Notice the divergence between the reward function and the final goal .
- Reinforcement learning is often used for a specific task with an ultimate goal , Usually, it is necessary to design a reward function that is consistent with the final goal to facilitate agent learning .
- In this sense , Reward function is a quantitative form of goal , This also means that they may be two different things . In some cases, there will be differences between them . Because an reinforcement learning agent can over fit to the reward function you set for the task , And you may find that the final strategy of training is different from what you expect in achieving the final goal . One of the most likely reasons for this is the divergence between the reward function and the ultimate goal .
- In most cases , It is easy for the reward function to tend to the final task goal , But designing a reward function is consistent with the ultimate goal in all extreme cases , Is not mediocre . What you should do is to minimize such differences , To ensure that the reward function you design can smoothly help the agent achieve the ultimate real goal .
Non Markov case .
- Non Markov decision processes and partially observable Markov processes （ POMDP） The difference is sometimes subtle . such as , If one is in Atari Pong The state in the game is defined as containing the position and speed information of the ball at the same time （ Suppose the ball moves without acceleration ）, But the observation quantity only has the position , Then the environment is POMDP Not a non Markov process . However , Pong The state of the game is usually considered as the static frame of each time step , Then the current state only contains the position of the ball without all the information that the agent can make the optimal action choice , such as , The speed and direction of the ball will also affect the optimal action . So in this case, it is a non Markov environment . One way to provide speed and direction information is to use historical states , This violates the processing method under Markov process .
- stay DQN In the original , Use Stack frames In an approximate way MDP To solve Pong Mission . If we treat all stacked frames as a single state , And it is assumed that the stacked frame can contain all the information to make the optimal action choice , Then this task actually still follows the Markov process assumption .
- Cyclic neural network or higher LSTM The method can also be used in the case of decision-making based on historical memory , To solve the problem of non Markov process .

3. Training and commissioning stage

Initialization is important .
- Deep reinforcement learning methods are usually either online strategies （ On-Policy） Method update the strategy with samples in each segment , Or use offline strategy （ Off-Policy） Dynamic playback cache in （ Replay Buffer）, This cache contains samples of diversity over time .

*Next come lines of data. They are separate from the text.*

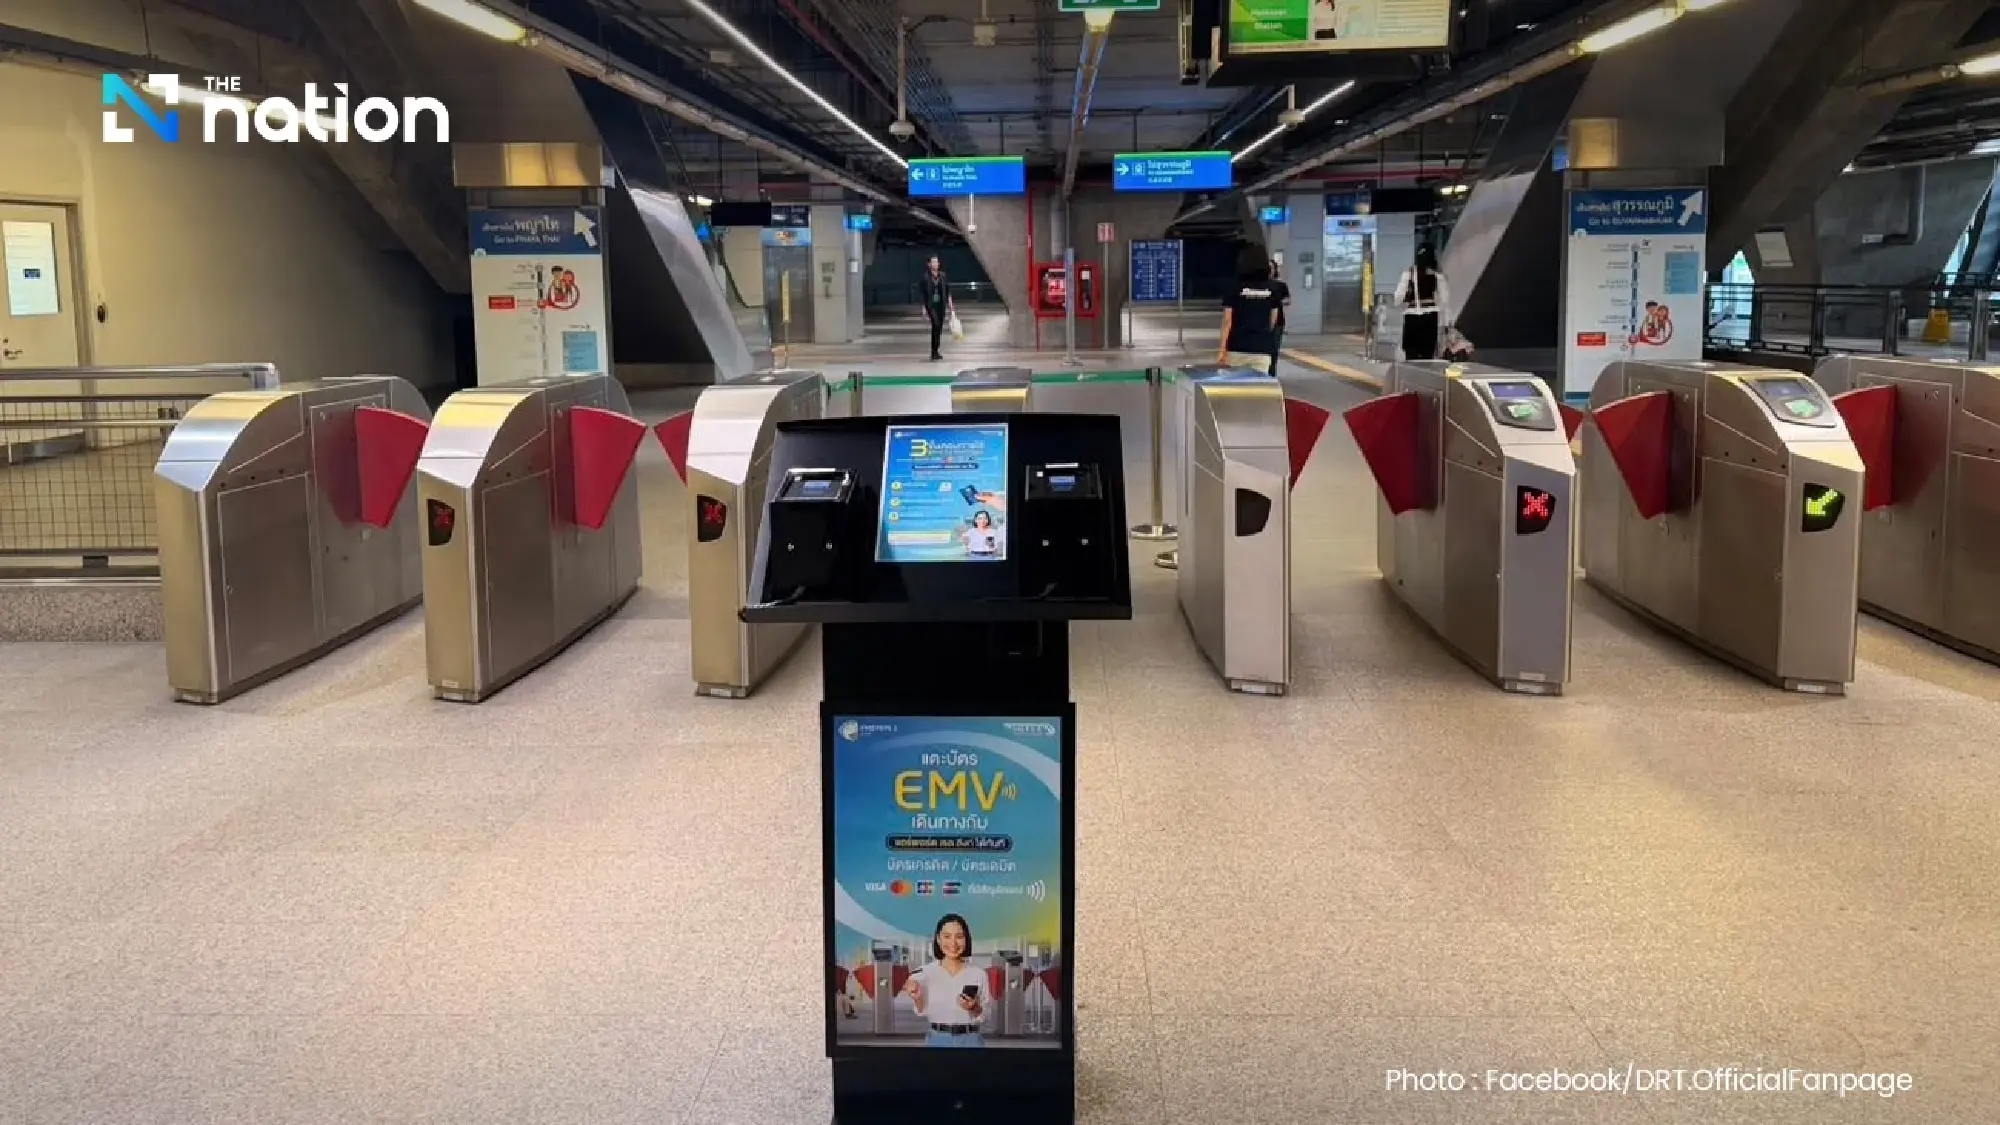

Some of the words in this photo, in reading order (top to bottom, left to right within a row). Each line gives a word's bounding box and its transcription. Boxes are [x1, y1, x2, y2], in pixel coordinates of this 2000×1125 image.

[921, 749, 978, 766] แตะบัตร
[893, 769, 1004, 812] EMV
[911, 813, 988, 830] เดินทางกับ
[865, 881, 887, 892] VISA
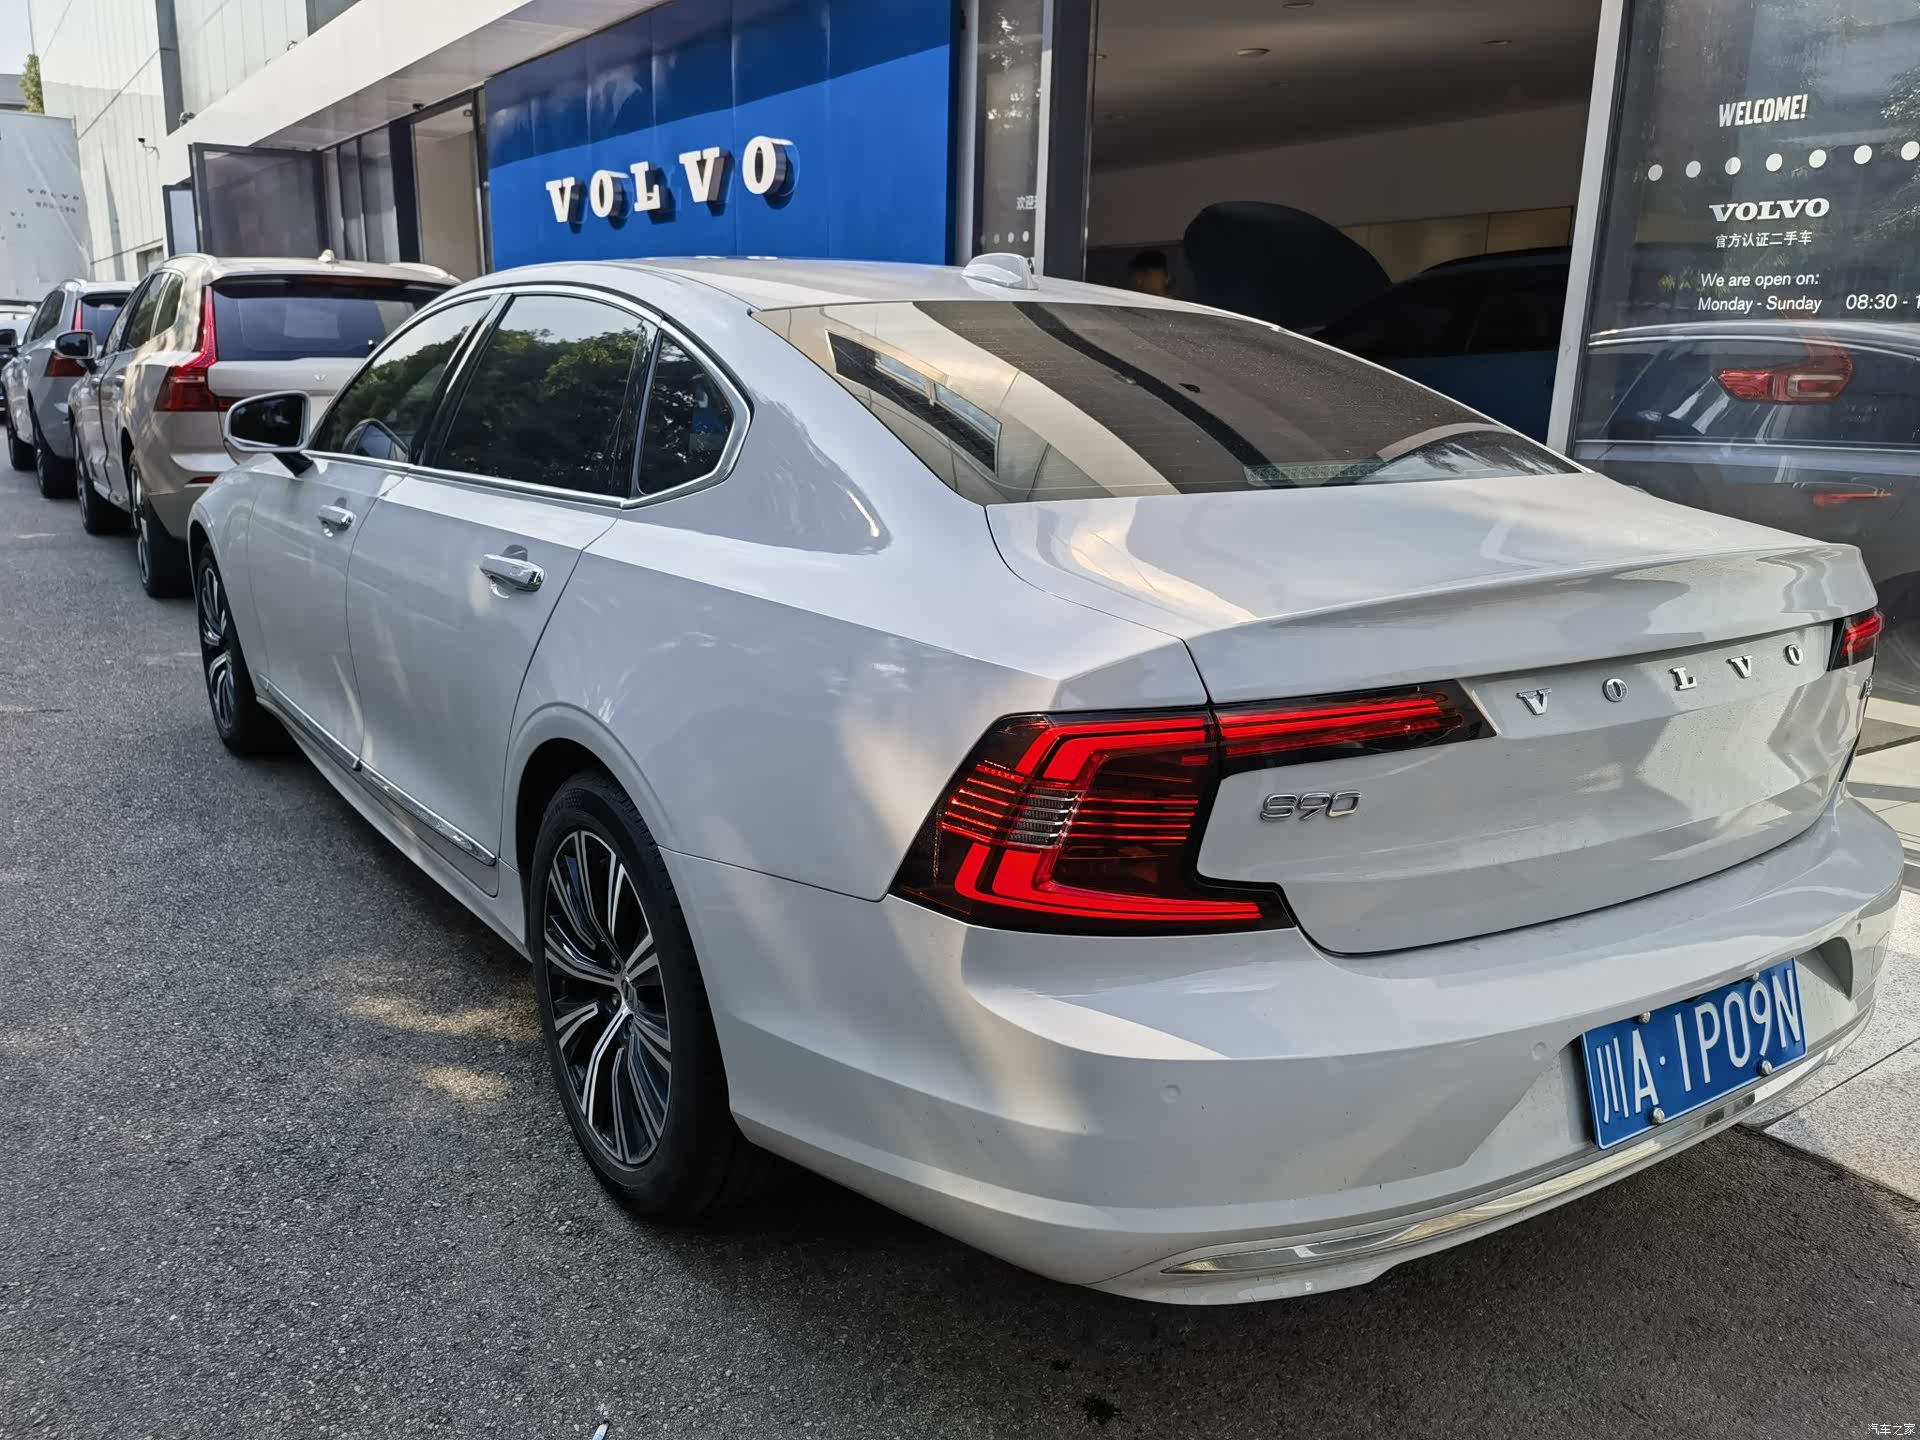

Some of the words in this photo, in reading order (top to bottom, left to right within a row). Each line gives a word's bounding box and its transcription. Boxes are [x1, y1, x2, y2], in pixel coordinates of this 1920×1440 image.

[1718, 95, 1808, 127] WELCOME!
[545, 135, 792, 223] VOLVO
[1709, 198, 1830, 222] VOLVO
[1715, 229, 1813, 249] 官方认证二手车
[1700, 273, 1725, 287] We
[1728, 275, 1751, 287] are
[1754, 274, 1792, 290] open
[1795, 273, 1820, 286] on:
[1697, 296, 1753, 314] Monday
[1766, 295, 1822, 314] Sunday
[1845, 293, 1898, 310] 08:30
[1516, 643, 1804, 716] VOLVO
[1260, 790, 1361, 821] S90
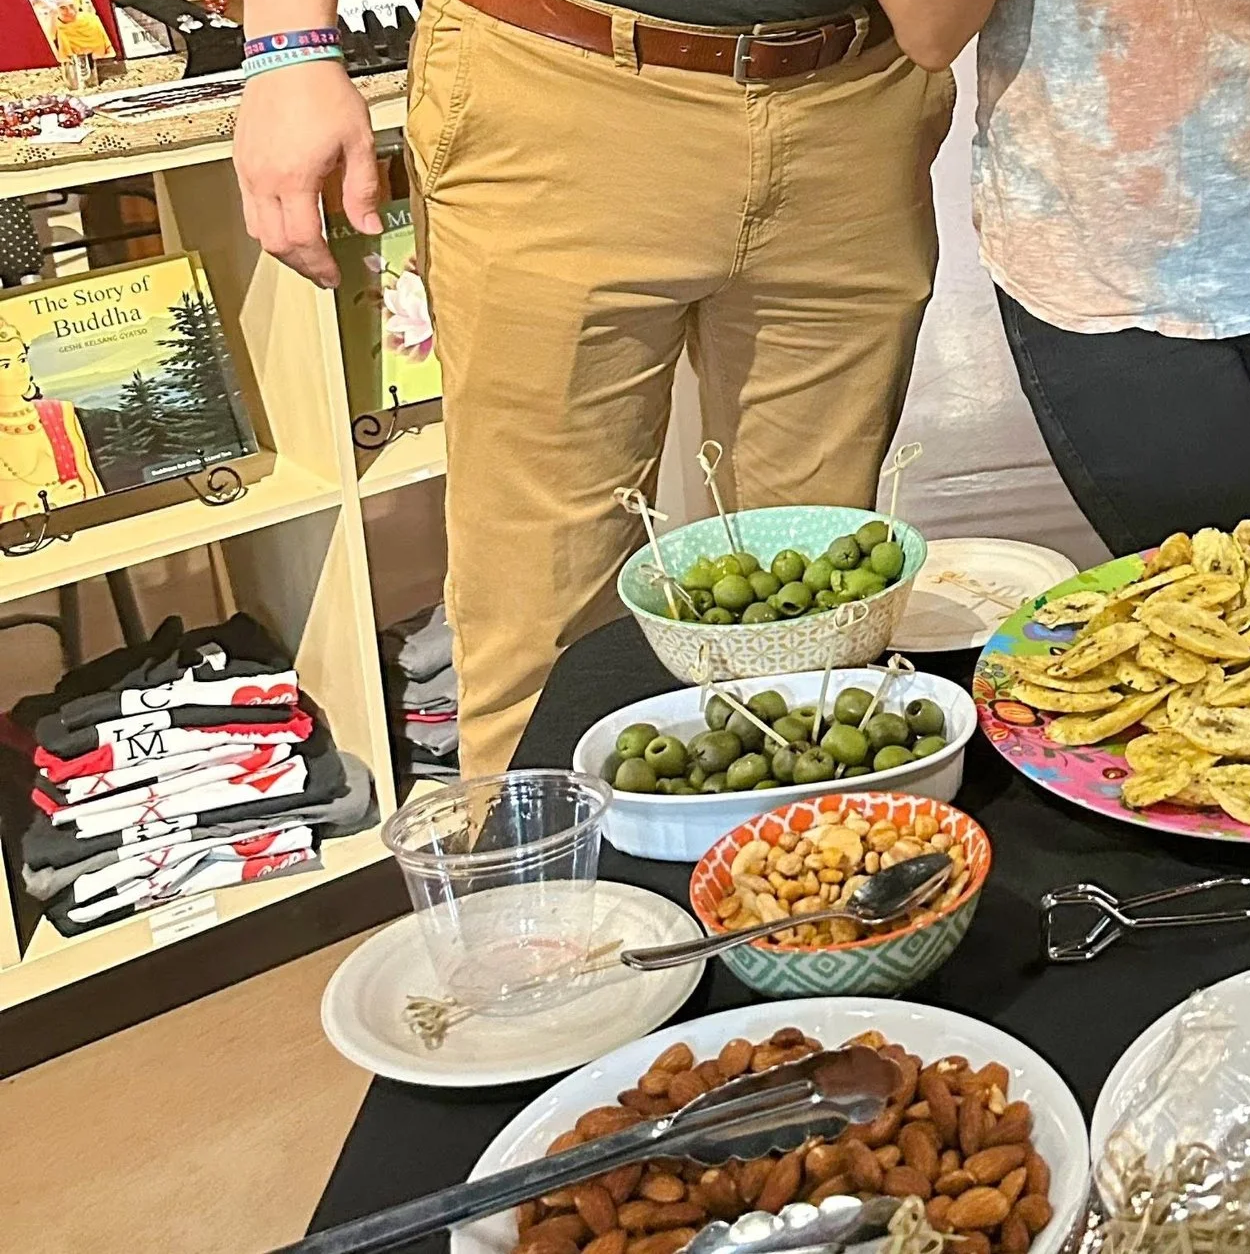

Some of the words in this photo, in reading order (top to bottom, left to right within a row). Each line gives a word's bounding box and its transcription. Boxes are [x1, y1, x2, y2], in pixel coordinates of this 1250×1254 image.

- This makes deep reinforcement learning different from supervised learning , Supervised learning is learning from a fixed data set , Therefore, the order of learning samples is not particularly important . However , In intensive learning , The initialization of a policy can affect the scope of possible subsequent exploration , And decide the subsequent samples stored in the cache or the samples directly used for updating , Therefore, it will affect the whole learning performance .
- Starting with a random strategy will lead to a greater probability of having more samples , This is good for the beginning of training . But with the convergence and progress of the strategy , The scope of exploration gradually narrowed , And close to the trajectory generated by the current strategy . For the initialization of weight parameters , Generally speaking, use more advanced methods such as Xavier initialization Or orthogonal initialization Will be better , In this way, gradient disappearance or gradient explosion can be avoided , And have a relatively stable learning performance for most deep learning situations .
Use multiple random seeds and calculate the average value to reduce randomness .
- Fixed random seeds can be used to reproduce the learning process . Use random seeds and get the average value of the learning curve , It can reduce the possibility of getting wrong conclusions caused by the randomness of deep reinforcement learning in experimental comparison . Usually use more random seeds , The more reliable the experimental results are , But it also increases the experimental time . Based on experience , We use different random seeds 3 To 5 A relatively reliable result can be obtained from this experiment , But the more, the better .
Balance CPU and GPU Calculate resources to speed up training .
- This tip is actually about finding and solving the bottleneck problem in training speed .
- Better use of computing resources on limited computers , Reinforcement learning is more complex than supervised learning .
- In supervised learning , CPU It is often used for data reading, writing and preprocessing , and GPU For forward reasoning and back propagation .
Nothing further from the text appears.